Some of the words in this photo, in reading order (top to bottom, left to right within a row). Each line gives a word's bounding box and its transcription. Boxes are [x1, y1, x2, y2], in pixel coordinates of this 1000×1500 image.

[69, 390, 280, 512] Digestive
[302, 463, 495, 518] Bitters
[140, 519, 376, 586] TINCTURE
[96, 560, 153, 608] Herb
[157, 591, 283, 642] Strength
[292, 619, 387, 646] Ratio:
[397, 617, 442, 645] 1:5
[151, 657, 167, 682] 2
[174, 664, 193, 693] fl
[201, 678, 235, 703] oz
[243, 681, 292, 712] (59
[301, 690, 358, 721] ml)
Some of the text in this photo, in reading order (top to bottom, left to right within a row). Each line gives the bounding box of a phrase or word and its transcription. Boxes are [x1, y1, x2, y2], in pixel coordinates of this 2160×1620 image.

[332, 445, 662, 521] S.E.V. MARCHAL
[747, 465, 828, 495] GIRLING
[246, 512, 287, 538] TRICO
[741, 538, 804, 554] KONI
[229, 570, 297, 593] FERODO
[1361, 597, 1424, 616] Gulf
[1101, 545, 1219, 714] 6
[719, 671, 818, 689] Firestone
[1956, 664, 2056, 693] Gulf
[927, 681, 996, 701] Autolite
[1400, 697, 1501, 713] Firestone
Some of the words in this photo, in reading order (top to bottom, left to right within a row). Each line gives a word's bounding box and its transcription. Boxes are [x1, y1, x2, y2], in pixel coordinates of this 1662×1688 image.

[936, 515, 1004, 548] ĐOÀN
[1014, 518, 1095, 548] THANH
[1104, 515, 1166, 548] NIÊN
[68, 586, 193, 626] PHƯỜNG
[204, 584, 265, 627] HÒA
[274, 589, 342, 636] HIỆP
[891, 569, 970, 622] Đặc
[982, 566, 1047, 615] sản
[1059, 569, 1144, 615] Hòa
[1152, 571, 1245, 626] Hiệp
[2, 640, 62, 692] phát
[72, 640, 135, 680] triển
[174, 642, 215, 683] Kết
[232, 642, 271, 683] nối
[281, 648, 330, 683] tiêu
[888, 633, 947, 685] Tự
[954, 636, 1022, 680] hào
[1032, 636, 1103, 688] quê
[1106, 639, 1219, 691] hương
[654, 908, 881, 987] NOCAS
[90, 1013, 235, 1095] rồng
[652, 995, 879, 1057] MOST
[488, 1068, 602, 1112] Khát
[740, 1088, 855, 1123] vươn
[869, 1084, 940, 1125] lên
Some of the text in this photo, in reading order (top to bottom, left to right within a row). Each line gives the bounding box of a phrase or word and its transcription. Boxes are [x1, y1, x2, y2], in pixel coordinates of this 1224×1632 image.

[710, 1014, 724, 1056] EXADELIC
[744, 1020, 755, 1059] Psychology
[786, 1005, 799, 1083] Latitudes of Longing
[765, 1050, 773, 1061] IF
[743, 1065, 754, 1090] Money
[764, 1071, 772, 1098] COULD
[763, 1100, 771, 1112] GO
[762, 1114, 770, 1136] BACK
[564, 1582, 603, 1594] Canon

** Problem description **
Each entry is to be written out exactly as it was given.

** Your solution **
Some of the words in this photo, in reading order (top to bottom, left to right within a row). Each line gives a word's bounding box and its transcription. Boxes are [x1, y1, x2, y2], in pixel coordinates of this 1000×1500 image.

[69, 390, 280, 512] Digestive
[302, 463, 495, 518] Bitters
[140, 519, 376, 586] TINCTURE
[96, 560, 153, 608] Herb
[157, 591, 283, 642] Strength
[292, 619, 387, 646] Ratio:
[397, 617, 442, 645] 1:5
[151, 657, 167, 682] 2
[174, 664, 193, 693] fl
[201, 678, 235, 703] oz
[243, 681, 292, 712] (59
[301, 690, 358, 721] ml)
Some of the text in this photo, in reading order (top to bottom, left to right within a row). Each line gives the bounding box of a phrase or word and its transcription. Boxes are [x1, y1, x2, y2], in pixel coordinates of this 2160×1620 image.

[332, 445, 662, 521] S.E.V. MARCHAL
[747, 465, 828, 495] GIRLING
[246, 512, 287, 538] TRICO
[741, 538, 804, 554] KONI
[229, 570, 297, 593] FERODO
[1361, 597, 1424, 616] Gulf
[1101, 545, 1219, 714] 6
[719, 671, 818, 689] Firestone
[1956, 664, 2056, 693] Gulf
[927, 681, 996, 701] Autolite
[1400, 697, 1501, 713] Firestone
Some of the words in this photo, in reading order (top to bottom, left to right within a row). Each line gives a word's bounding box and its transcription. Boxes are [x1, y1, x2, y2], in pixel coordinates of this 1662×1688 image.

[936, 515, 1004, 548] ĐOÀN
[1014, 518, 1095, 548] THANH
[1104, 515, 1166, 548] NIÊN
[68, 586, 193, 626] PHƯỜNG
[204, 584, 265, 627] HÒA
[274, 589, 342, 636] HIỆP
[891, 569, 970, 622] Đặc
[982, 566, 1047, 615] sản
[1059, 569, 1144, 615] Hòa
[1152, 571, 1245, 626] Hiệp
[2, 640, 62, 692] phát
[72, 640, 135, 680] triển
[174, 642, 215, 683] Kết
[232, 642, 271, 683] nối
[281, 648, 330, 683] tiêu
[888, 633, 947, 685] Tự
[954, 636, 1022, 680] hào
[1032, 636, 1103, 688] quê
[1106, 639, 1219, 691] hương
[654, 908, 881, 987] NOCAS
[90, 1013, 235, 1095] rồng
[652, 995, 879, 1057] MOST
[488, 1068, 602, 1112] Khát
[740, 1088, 855, 1123] vươn
[869, 1084, 940, 1125] lên
Some of the text in this photo, in reading order (top to bottom, left to right within a row). Each line gives the bounding box of a phrase or word and its transcription. Boxes are [x1, y1, x2, y2], in pixel coordinates of this 1224×1632 image.

[710, 1014, 724, 1056] EXADELIC
[744, 1020, 755, 1059] Psychology
[786, 1005, 799, 1083] Latitudes of Longing
[765, 1050, 773, 1061] IF
[743, 1065, 754, 1090] Money
[764, 1071, 772, 1098] COULD
[763, 1100, 771, 1112] GO
[762, 1114, 770, 1136] BACK
[564, 1582, 603, 1594] Canon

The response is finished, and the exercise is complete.